Stored entries
>>>>

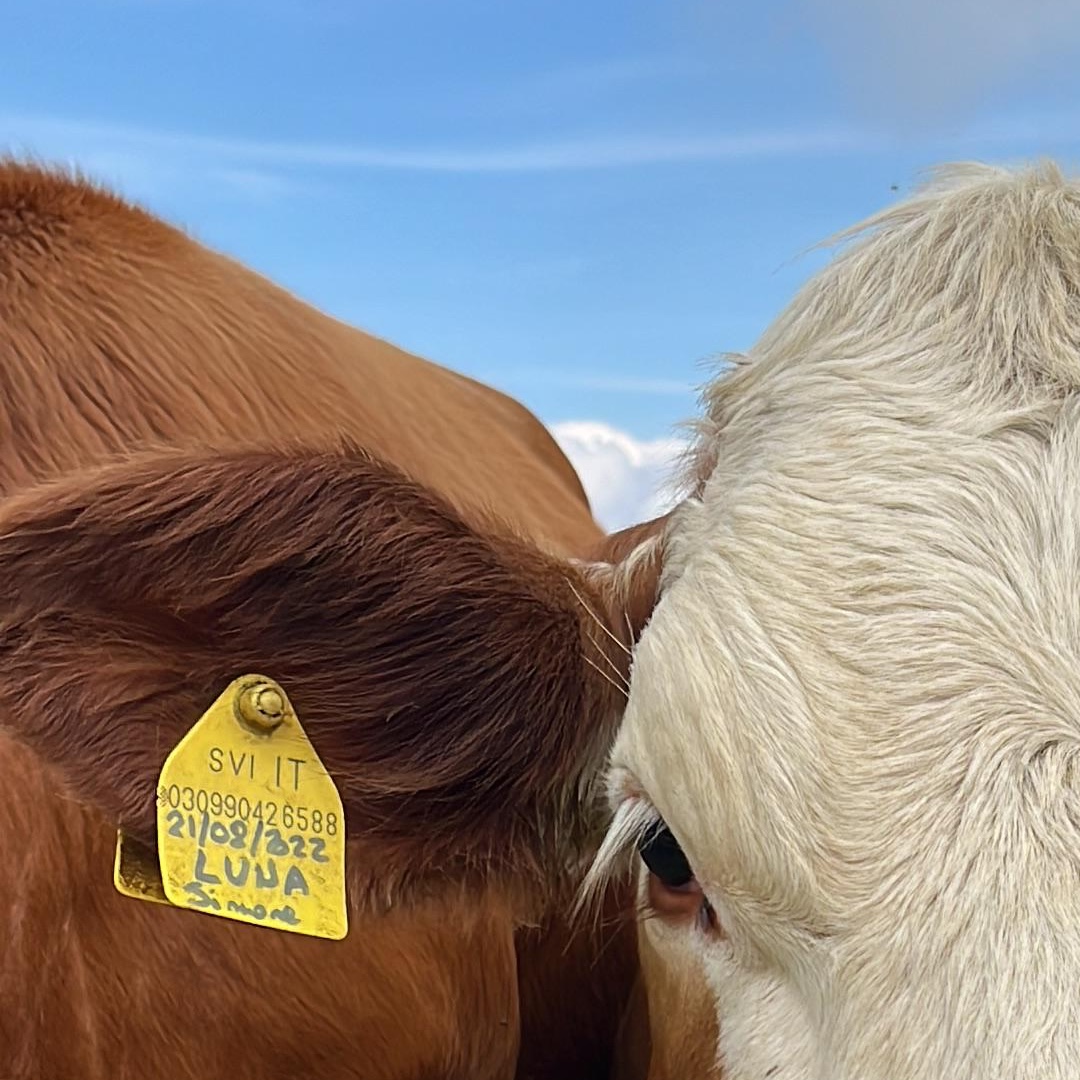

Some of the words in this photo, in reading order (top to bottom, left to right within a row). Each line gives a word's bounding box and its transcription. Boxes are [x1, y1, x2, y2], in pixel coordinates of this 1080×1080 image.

[209, 747, 255, 779] SVI
[276, 755, 307, 792] IT
[168, 784, 338, 836] 030990426588
[194, 848, 310, 897] LUNA

<<<<

* What the task requires *
From the first line to the last, write out the data above exactly. Omit the pictures.

* Response to the exercise *
Some of the words in this photo, in reading order (top to bottom, left to right within a row). Each line gives a word's bounding box and its transcription. Boxes are [x1, y1, x2, y2], in pixel coordinates of this 1080×1080 image.

[209, 747, 255, 779] SVI
[276, 755, 307, 792] IT
[168, 784, 338, 836] 030990426588
[194, 848, 310, 897] LUNA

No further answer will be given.